### Problem statement
Omitting the pictures, output all of the records precisely as written.
· · · · ·
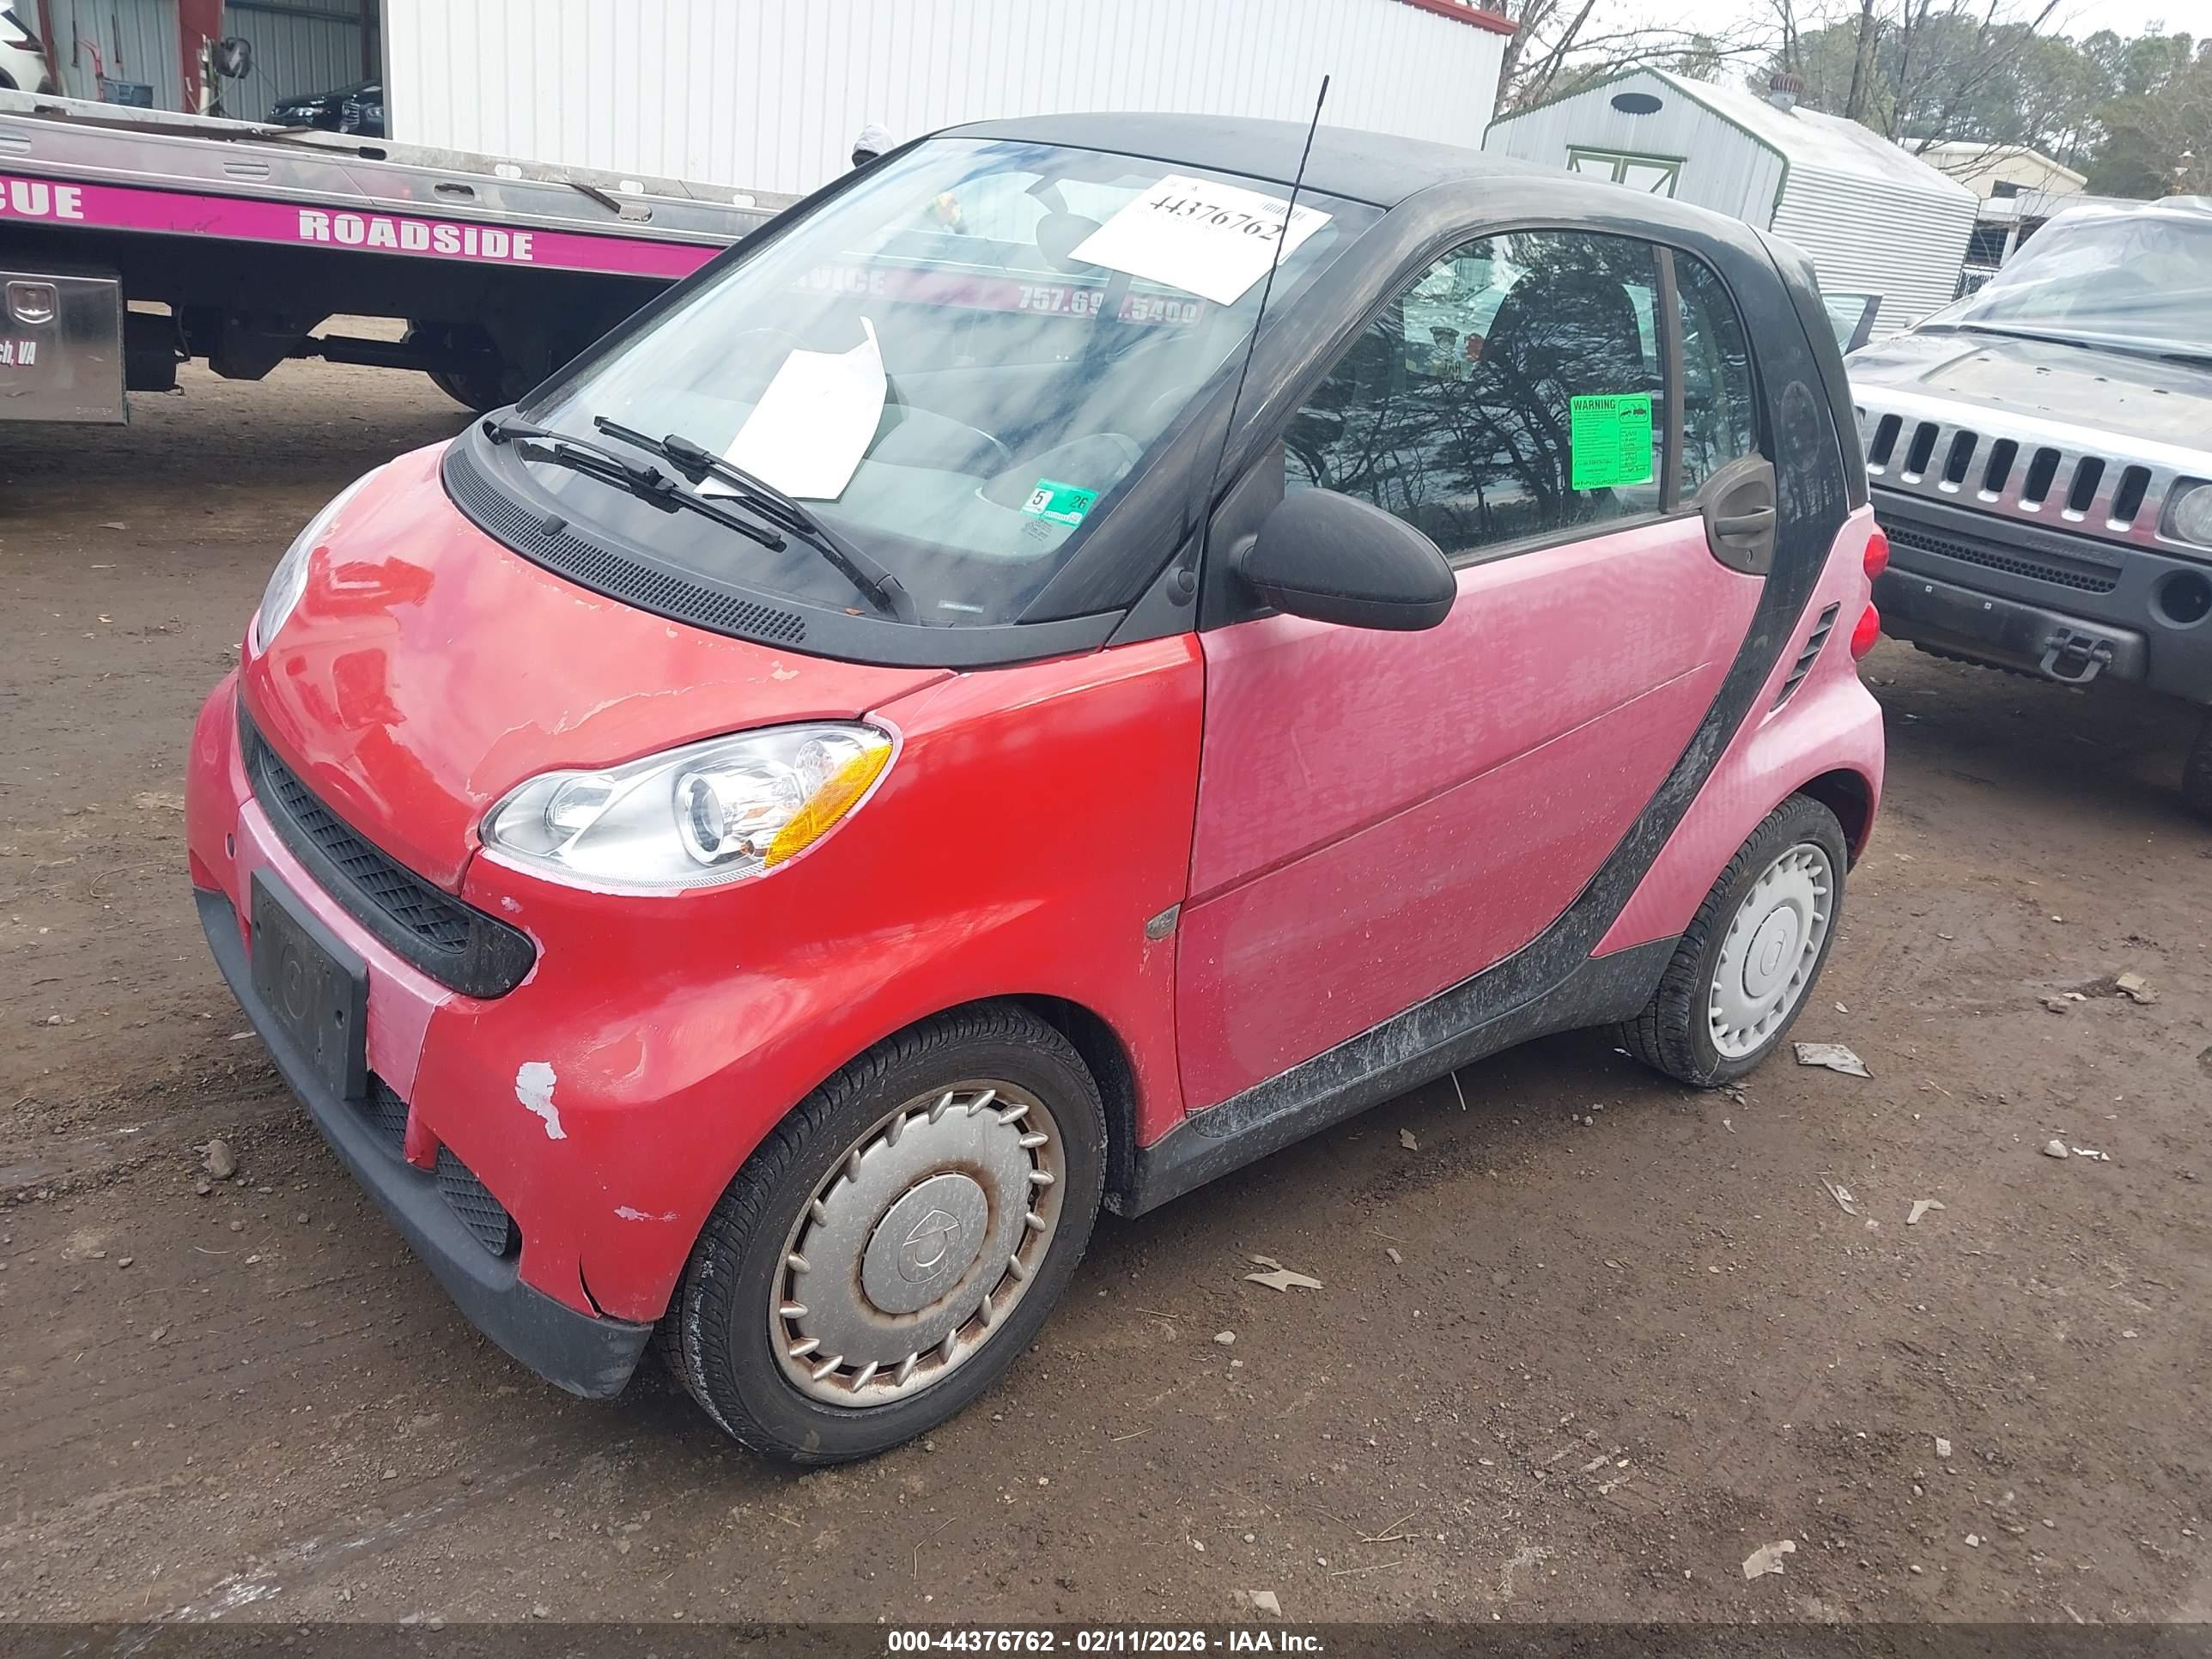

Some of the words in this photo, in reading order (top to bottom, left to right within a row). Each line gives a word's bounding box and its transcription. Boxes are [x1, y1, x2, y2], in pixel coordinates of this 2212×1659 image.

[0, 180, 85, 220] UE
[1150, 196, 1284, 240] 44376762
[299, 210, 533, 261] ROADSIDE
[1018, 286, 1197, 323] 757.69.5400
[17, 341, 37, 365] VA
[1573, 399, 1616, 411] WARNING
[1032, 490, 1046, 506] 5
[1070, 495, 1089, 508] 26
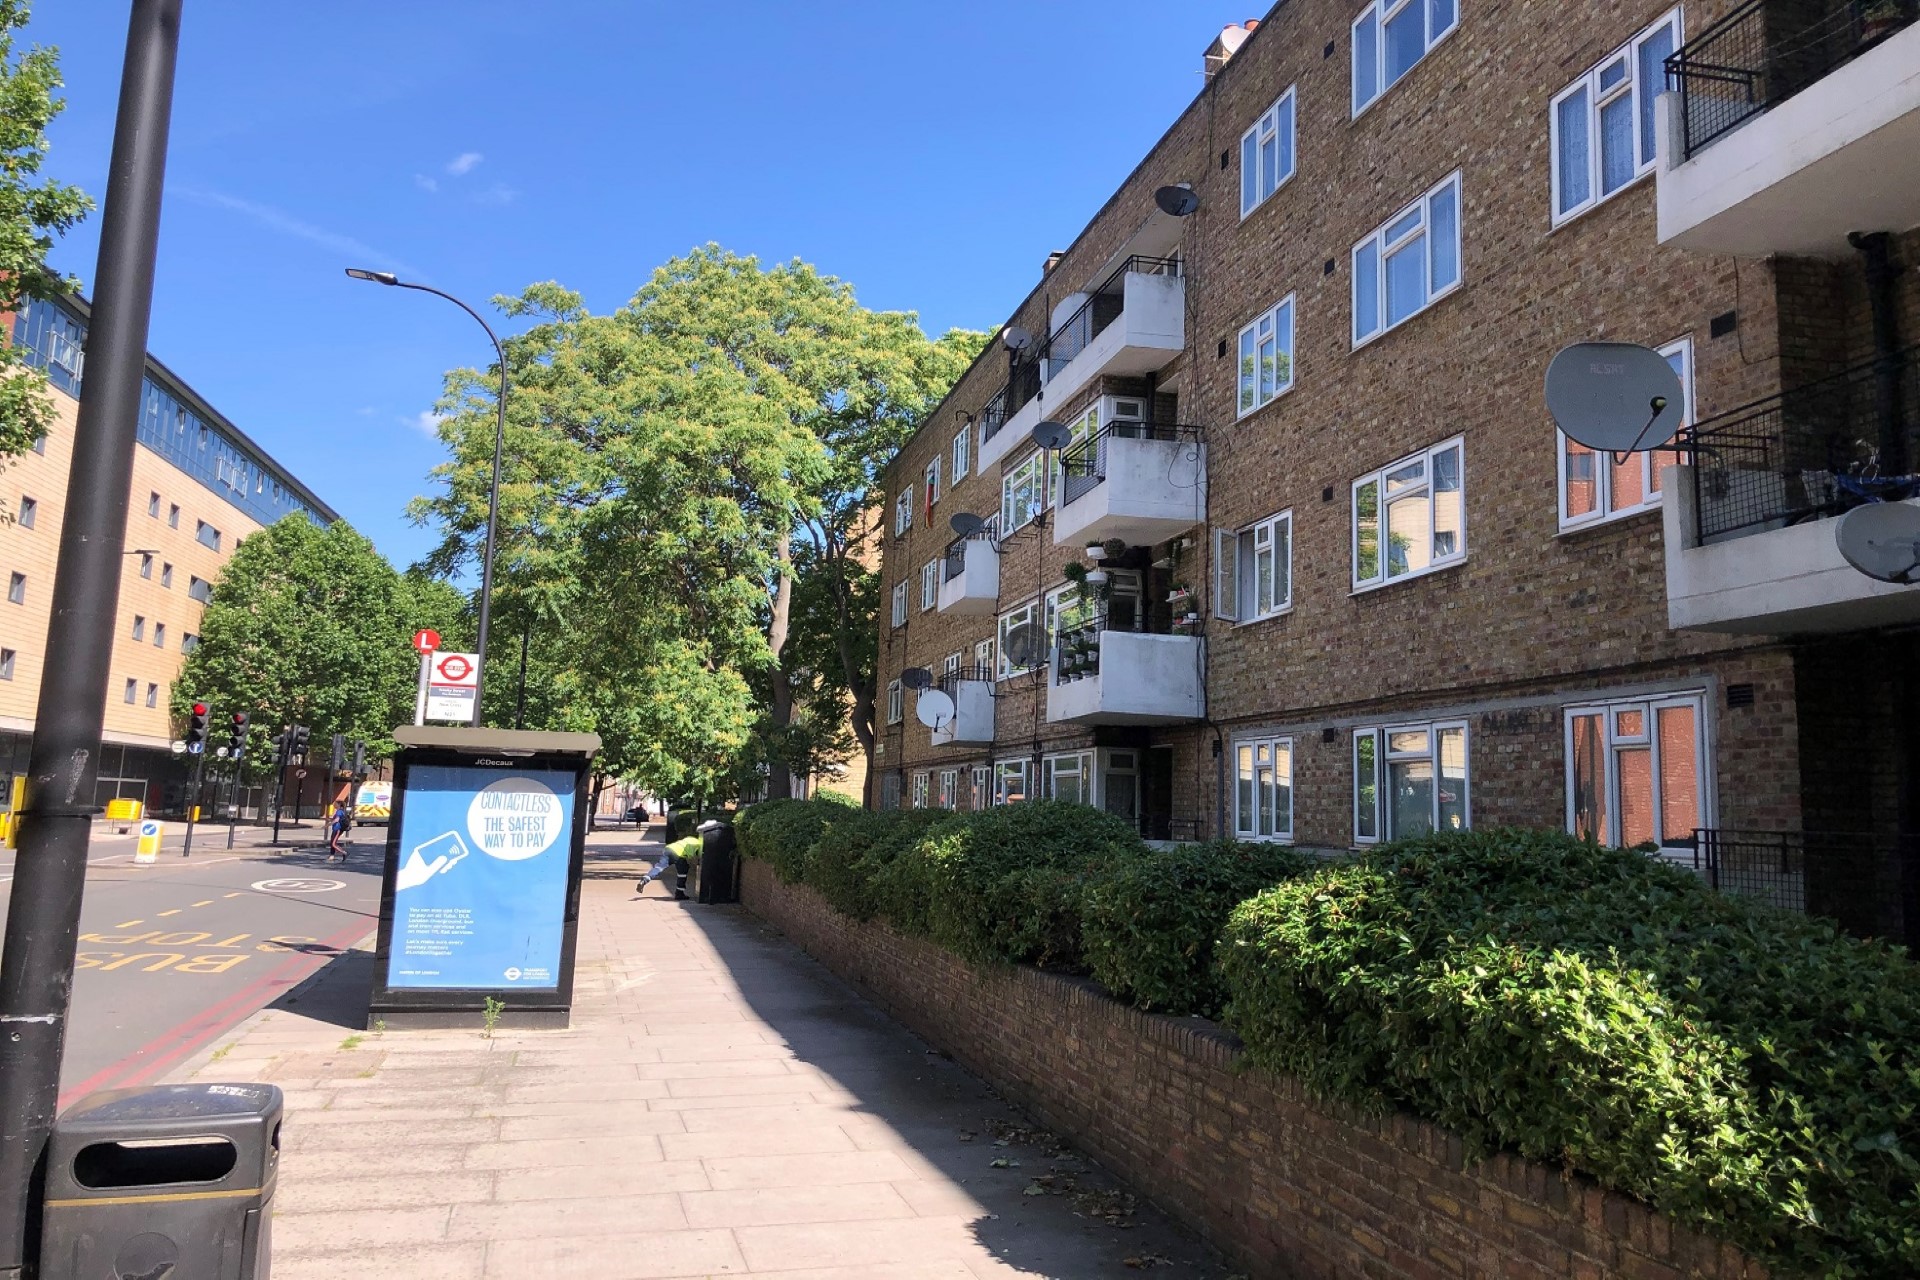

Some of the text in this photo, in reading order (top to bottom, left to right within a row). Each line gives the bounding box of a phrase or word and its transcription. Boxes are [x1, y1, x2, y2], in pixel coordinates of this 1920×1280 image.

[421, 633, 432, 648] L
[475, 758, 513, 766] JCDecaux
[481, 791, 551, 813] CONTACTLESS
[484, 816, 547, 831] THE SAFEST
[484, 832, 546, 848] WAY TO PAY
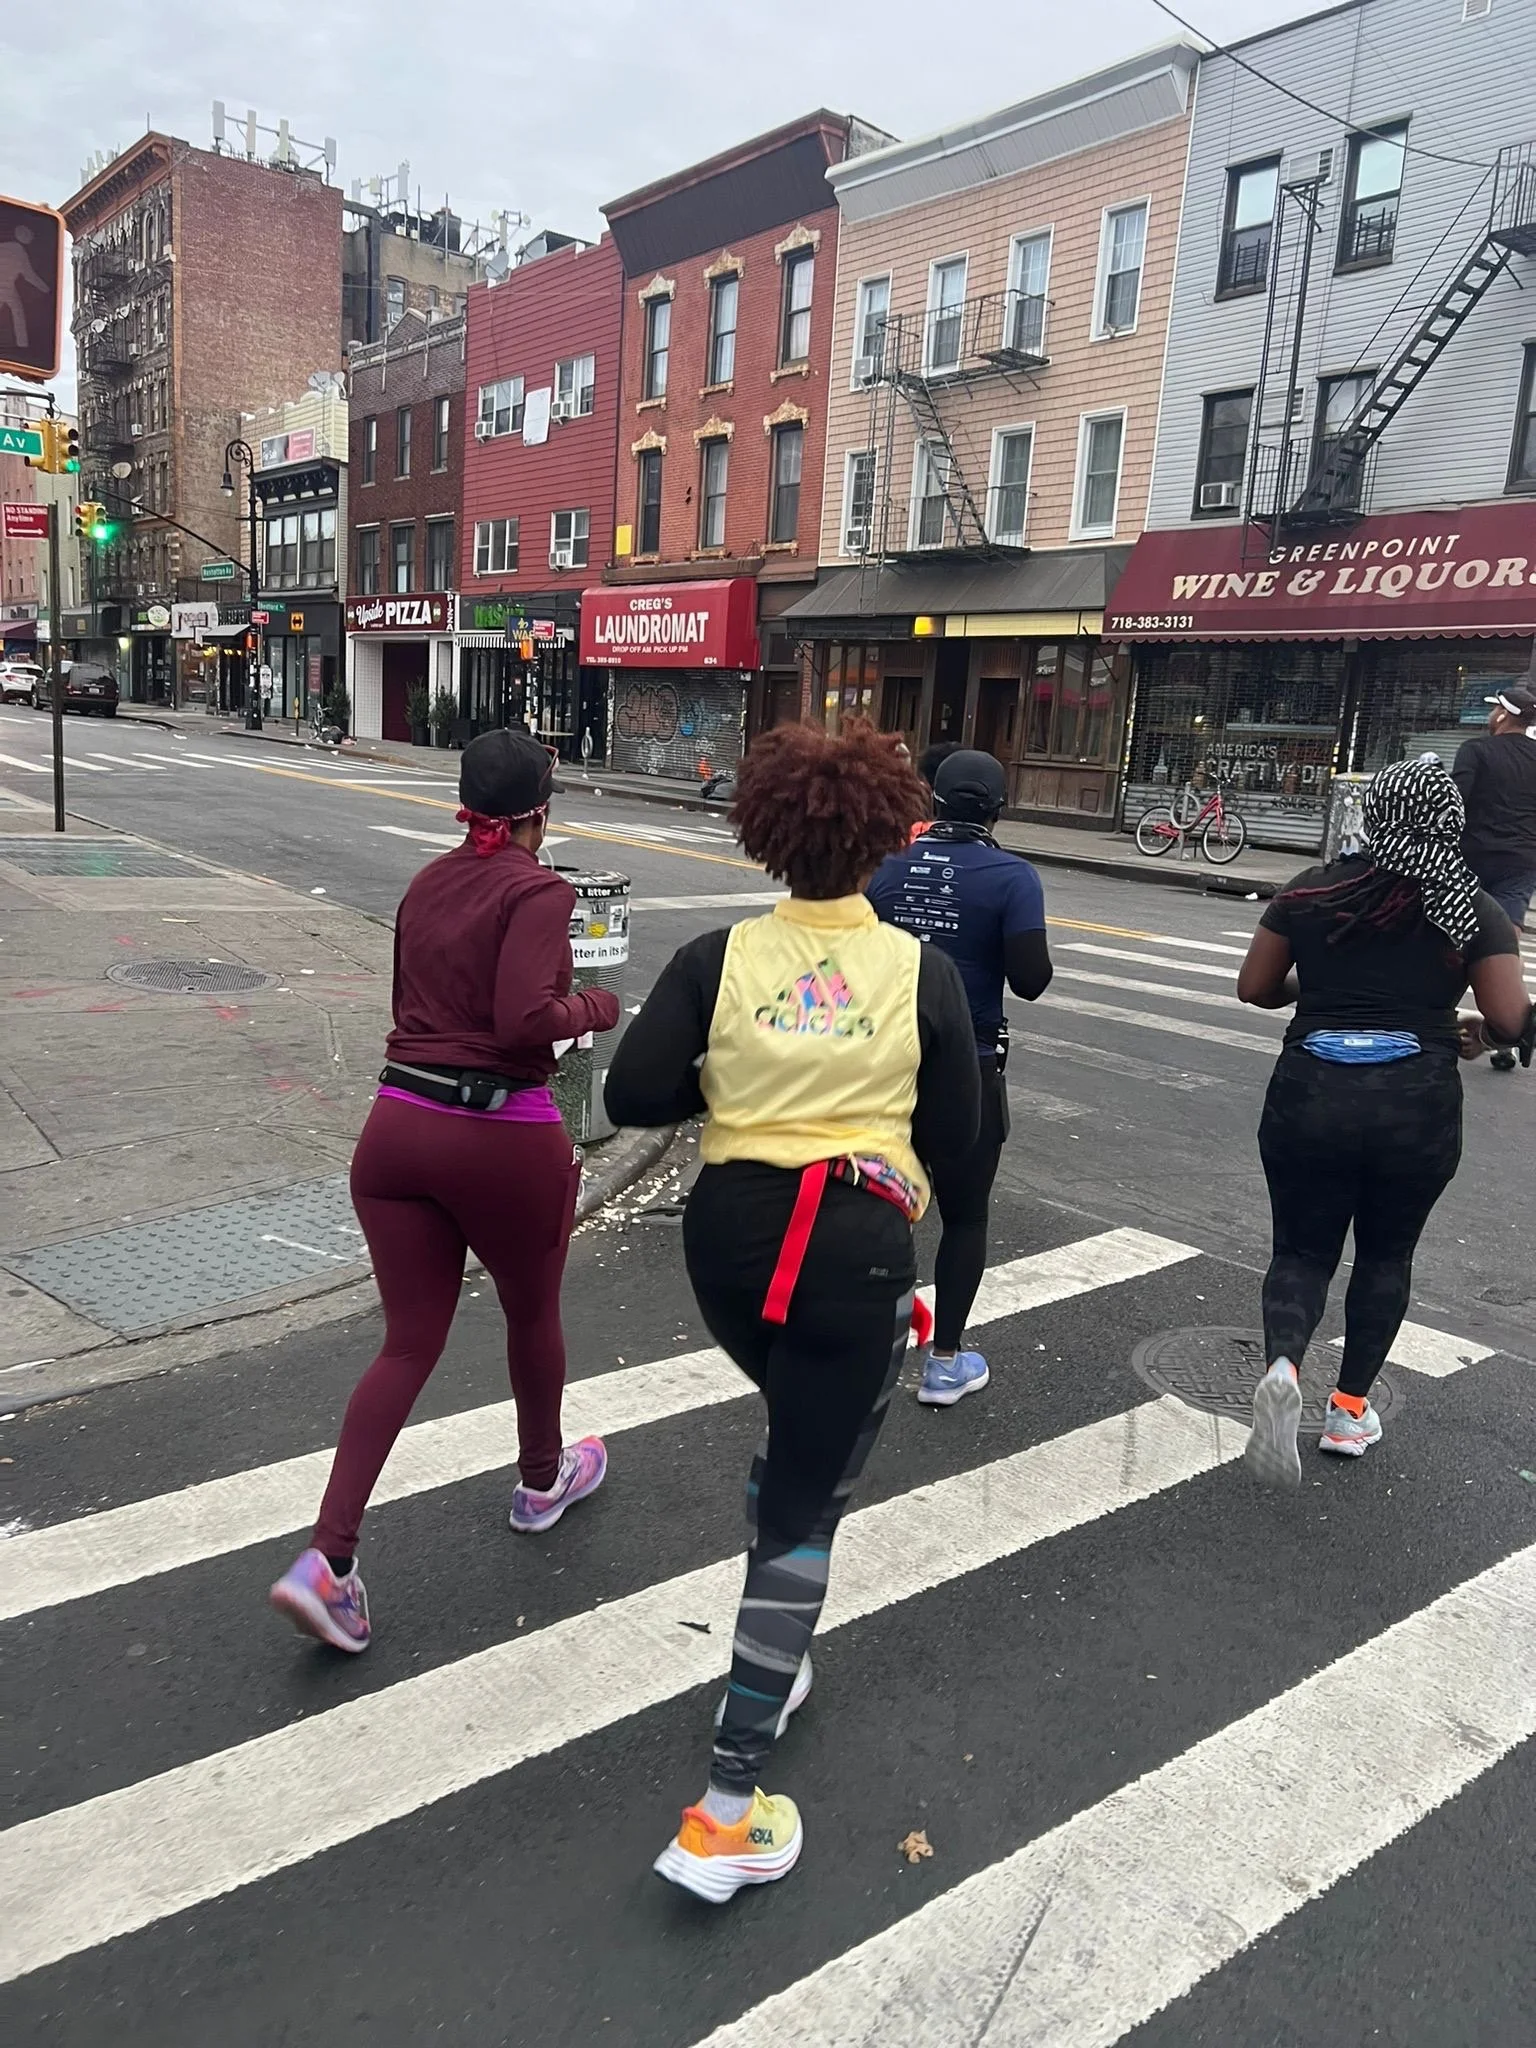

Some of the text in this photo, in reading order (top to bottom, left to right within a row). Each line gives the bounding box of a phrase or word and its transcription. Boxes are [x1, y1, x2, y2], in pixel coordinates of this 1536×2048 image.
· · · · ·
### The completed task
Some of the words in this photo, in reading order (top to bottom, left to right within a row). Each line gives a word's bounding box and its transcription. Boxes are [x1, y1, x2, y2], in pixel coordinates of this 2212×1659 image.

[0, 180, 85, 220] UE
[1150, 196, 1284, 240] 44376762
[299, 210, 533, 261] ROADSIDE
[1018, 286, 1197, 323] 757.69.5400
[17, 341, 37, 365] VA
[1573, 399, 1616, 411] WARNING
[1032, 490, 1046, 506] 5
[1070, 495, 1089, 508] 26

Some of the text in this photo, in reading order (top to bottom, left to right within a row). Each line gives the bounding box of a phrase or word and its transcription. Boxes are [x1, y1, x2, y2], in pixel coordinates of this 1920×1280 image.

[421, 633, 432, 648] L
[475, 758, 513, 766] JCDecaux
[481, 791, 551, 813] CONTACTLESS
[484, 816, 547, 831] THE SAFEST
[484, 832, 546, 848] WAY TO PAY

Some of the text in this photo, in reading order (top to bottom, left to right within a row). Each line gives the bounding box of a phrase or word and its transcription. Boxes are [x1, y1, x2, y2], in pixel coordinates of this 1536×2048 image.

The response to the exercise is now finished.